In the autumn of the same year, he had completed his term at the middle temple; and was become more in earnest in his legal studies. One consequence of this new diligence in the study of law was just what the intelligent reader cannot fail to have anticipated-a disgust at that dry factitious science of constructions and pleadings, statutes and precedents. In him, taste, fancy, and enthusiasm, were principles far too active and predominant to be controlled and subdued, as they often are, by graver studies; and thus, while he looked with a fond regret on hours consumed over Pope and Milton; and indulged a highwrought sensibility by weeping over the works of Gray, who had recently died in the same year, it was not unnatural that he should speak of his detestation of the profession he was about to enter.*

In September he visited France, and spent some time in Paris, from which he visited Vernon and the banks of the Loire.
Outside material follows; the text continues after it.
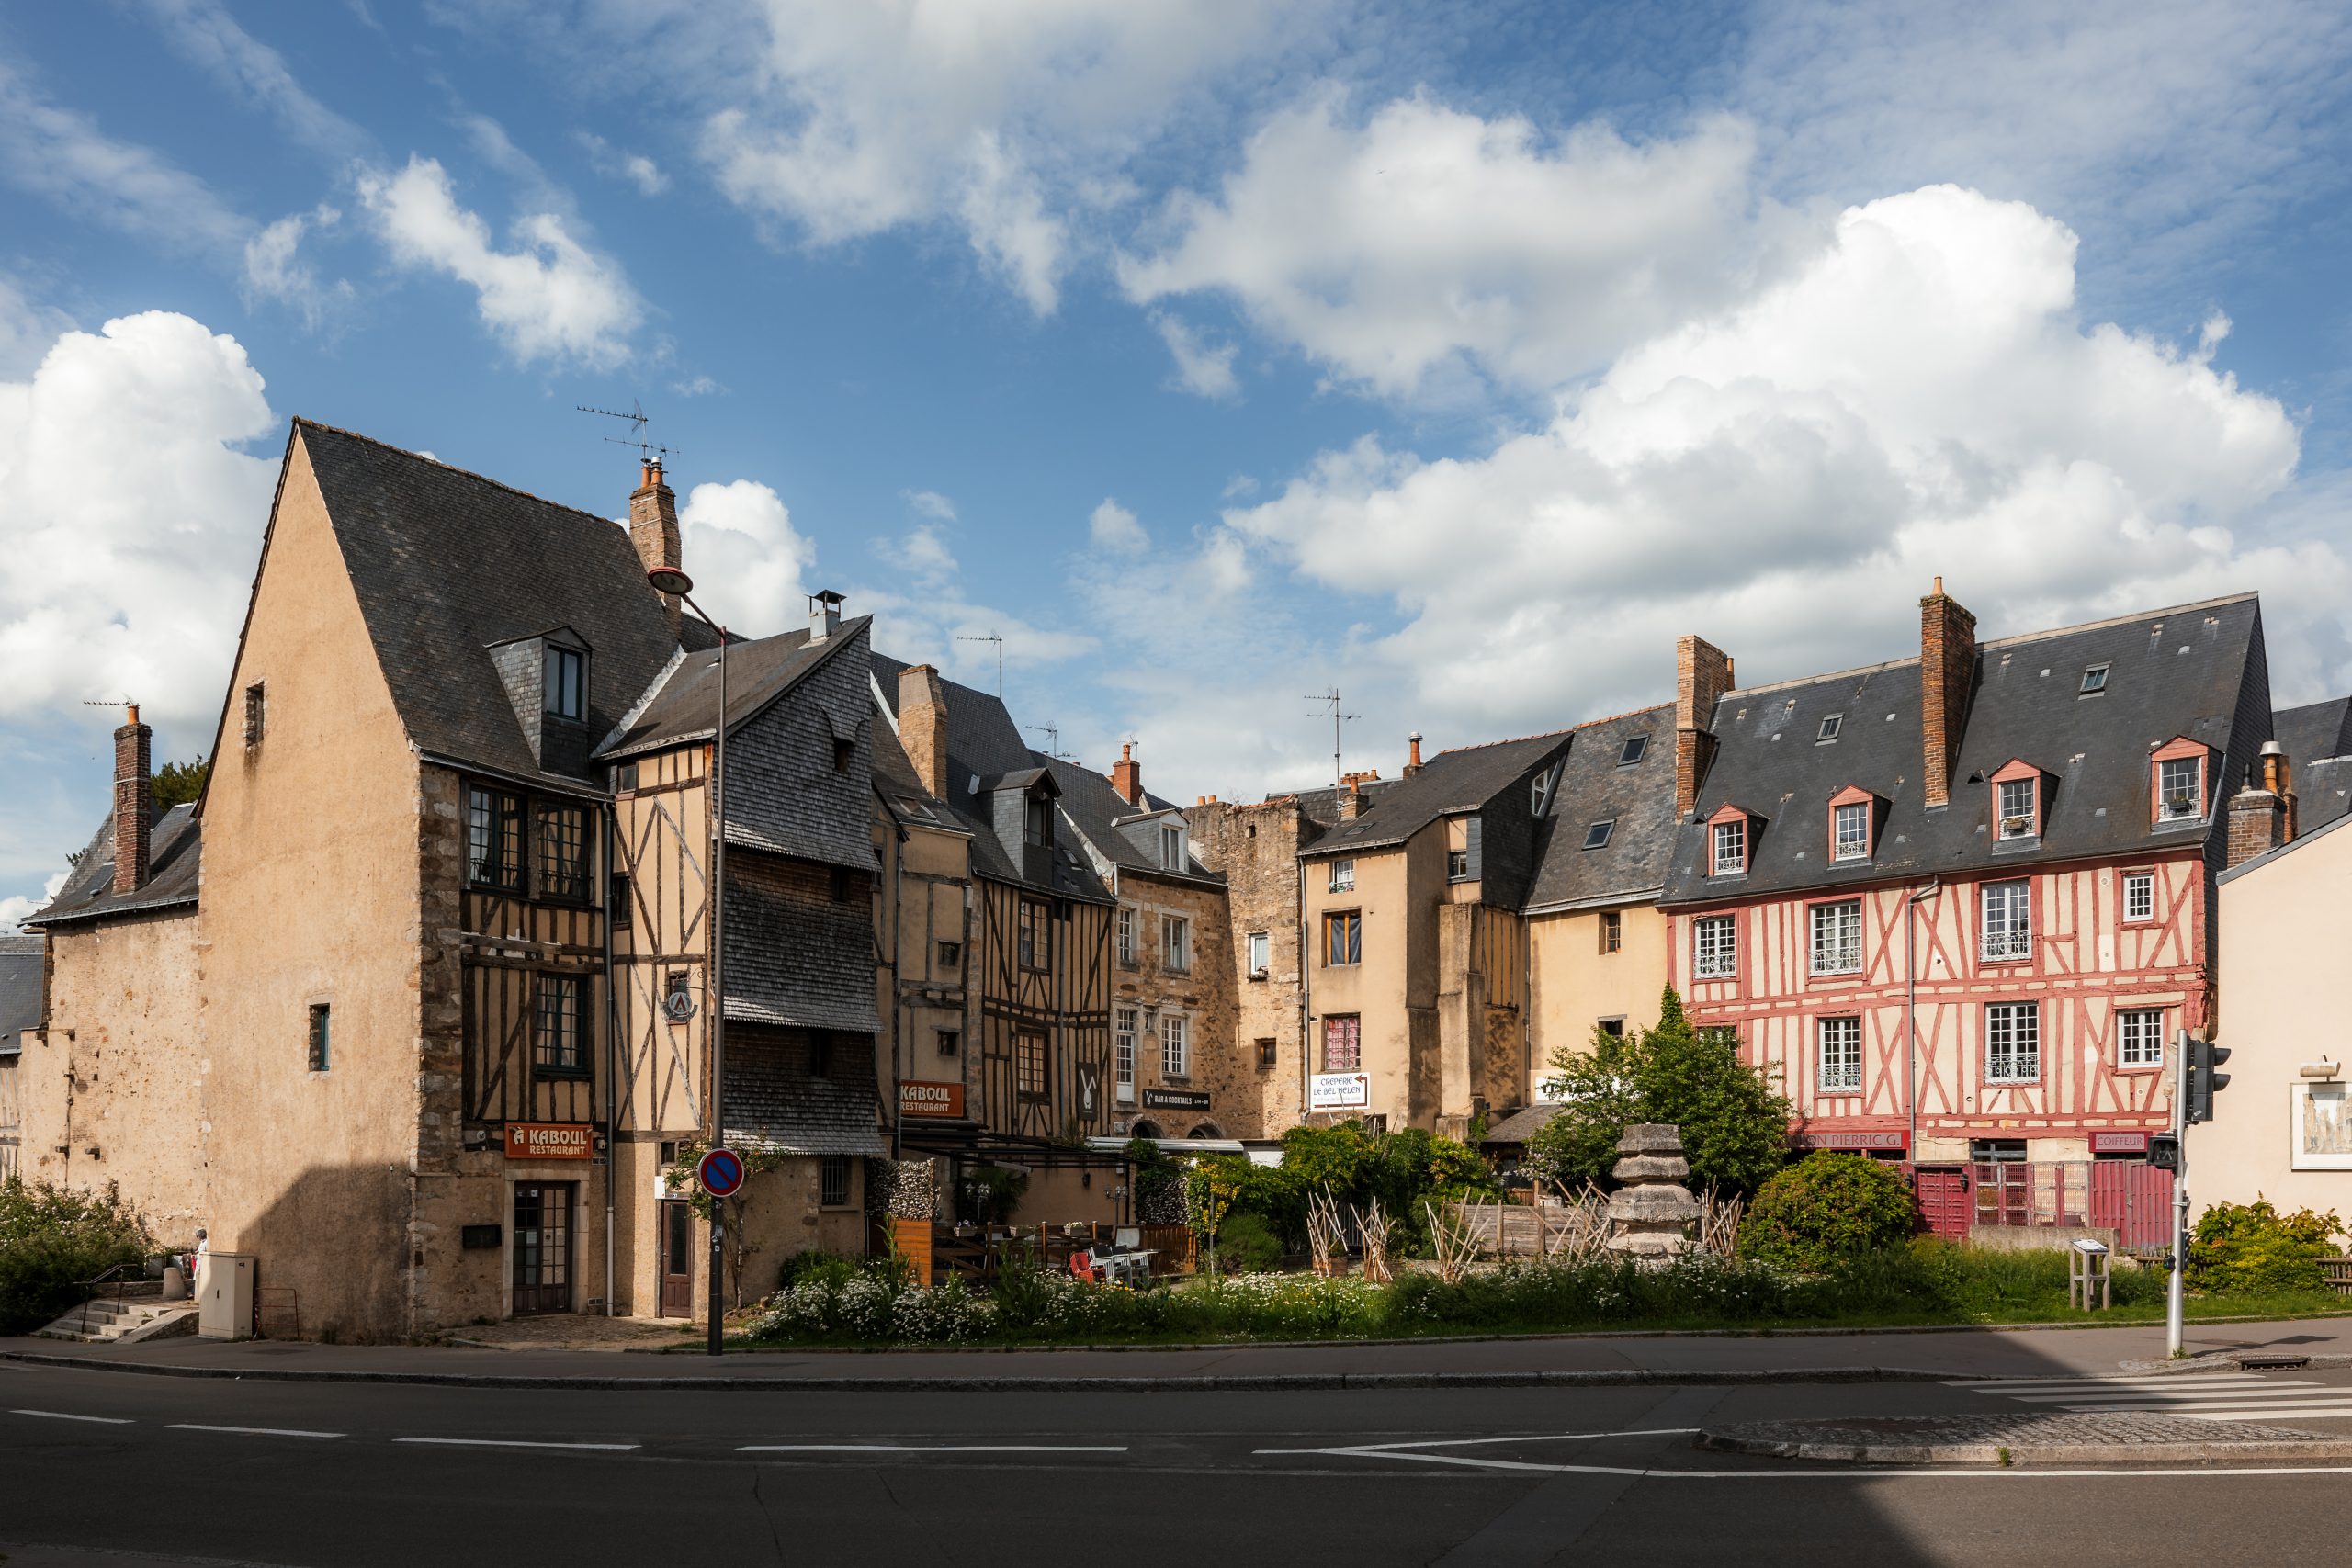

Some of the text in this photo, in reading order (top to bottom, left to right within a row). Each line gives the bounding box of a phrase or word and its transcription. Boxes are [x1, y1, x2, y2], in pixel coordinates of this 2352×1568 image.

In the following year he was called to the bar. For a time he entered seriously on his hard avocation; went circuit, and was engaged in an important suit. His client having been unsuccessful, his romantic generosity of temper prompted him to return half the amount of his fifty guinea fee: with such a disposition, a strong attachment to politics sedulously cherished; with social connexions among the brilp. 247.